Protéger nos enfants de l'accès libre à la porno
Les chiffres sont effarants : 10 % du trafic internet mondial se dépense dans la pornographie, 8 milliards de dollars par an, 3 000 $ chaque seconde. Les sites pornographiques connaissent une popularité que l’avènement de l’intelligence artificielle propulse déjà vers de nouveaux sommets.
Impossible toutefois de déterminer la part de clics attribuables aux enfants qui y ont présentement accès librement et de façon illimitée. Les parents doivent veiller au grain, bien sûr, même si ce qui n’est pas toujours évident.
Protéger nos enfants d’un accès précoce à la pornographie est pourtant une nécessité absolue. Pas par pudeur comme l’explique avec justesse la sénatrice indépendante Julie Miville-Dechêne qui lutte pour encadrer cette pratique, mais par besoin de protéger la vie. Pas par candeur, pas par naïveté. Juste pour assurer la sécurité et la vie équilibrée de nos enfants.
Même si nous n’avons pas de chiffres exacts, nous savons que des projets de loi similaires à celui que la Sénatrice souhaite implanter au Canada existent au Royaume-Uni, en France, et dans plusieurs états américains. Or, six mois après l’adoption de cette loi obligeant la vérification d’âge au Royaume-Uni, la société mère de Porn Hub, Aylo, s’est retirée du marché, affirmant que son marché avait chuté de 77 % !
Les contenus pornographiques aujourd’hui accessibles contiennent des scènes projetant un très haut niveau de violence. On y exploite sans réserve la honte, l’humiliation, la dégradation de l’autre, généralement une femme, qui y survit non sans écueils.
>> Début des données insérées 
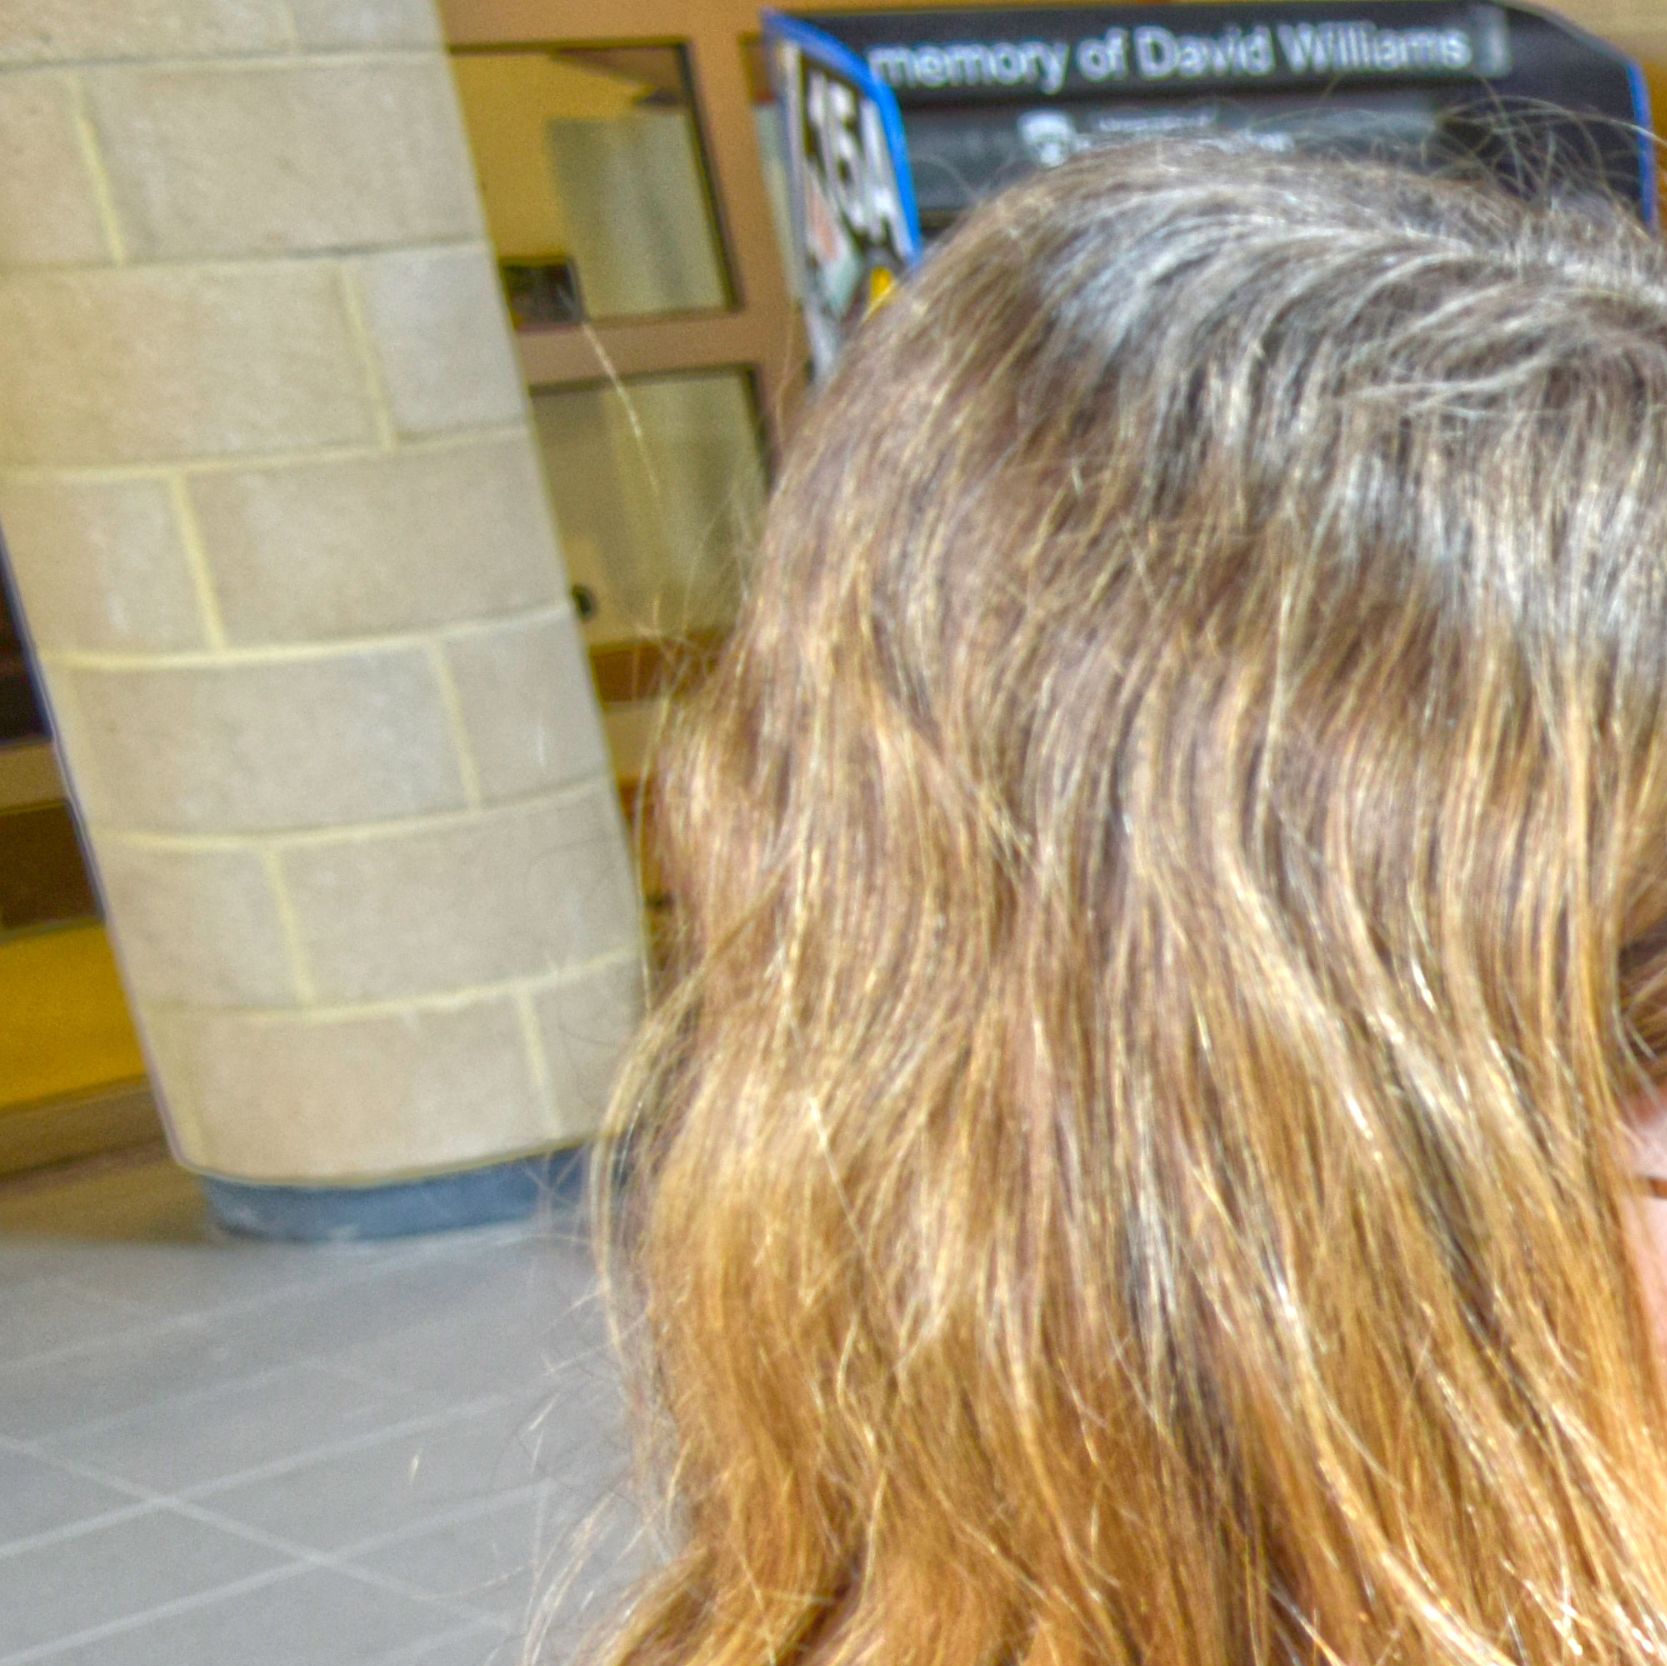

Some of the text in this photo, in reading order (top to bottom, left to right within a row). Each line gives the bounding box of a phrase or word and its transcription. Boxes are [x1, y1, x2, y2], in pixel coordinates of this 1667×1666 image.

[868, 20, 1472, 94] memory of David Williams
Les scènes violentes sont présentées comme un jeu que les enfants sont appelés à épouser éventuellement comme modèle.
En raison de leur stade développemental précoce, les jeunes ne sont pas en mesure de saisir les nuances qui distinguent le jeu de la réalité. Car dans le jeu pornographique ambiant, on joue au réel. Et plus ce réel se rapproche du vrai sans toutefois l’être, plus c’est attirant car plus crédible sans exister.
Les parents sont responsables de présenter la vie aux enfants de manière à ce qu’elle soit digeste. Au-delà de la morale, le problème ultime avec la pornographie est que nous sommes absents lorsque nos enfants y sont exposés. Nous sommes donc privés de toute possibilité de les faire élaborer et de les influencer contre les représentations fragmentées et violentes du réel. La bienveillance parentale est essentielle mais elle ne suffit pas à elle seule de faire face au fléau numérique de la pornographie.
Projet de loi S-209 Il faut donc appuyer massivement la sénatrice Miville-Dechêne et son projet de loi S-209 visant à ce que “ toute organisation qui rend accessible sur Internet du matériel pornographique à des fins commerciales (ait) la responsabilité de veiller à ce que les jeunes n’y aient pas accès”.
Ainsi, nous pourrons espérer moins de thérapies pour les petits qui, devenus grands, seront aux prises avec une souffrance destructrice, celle de la dépendance à la pornographie et aux stéréotypes sexuels biaisés.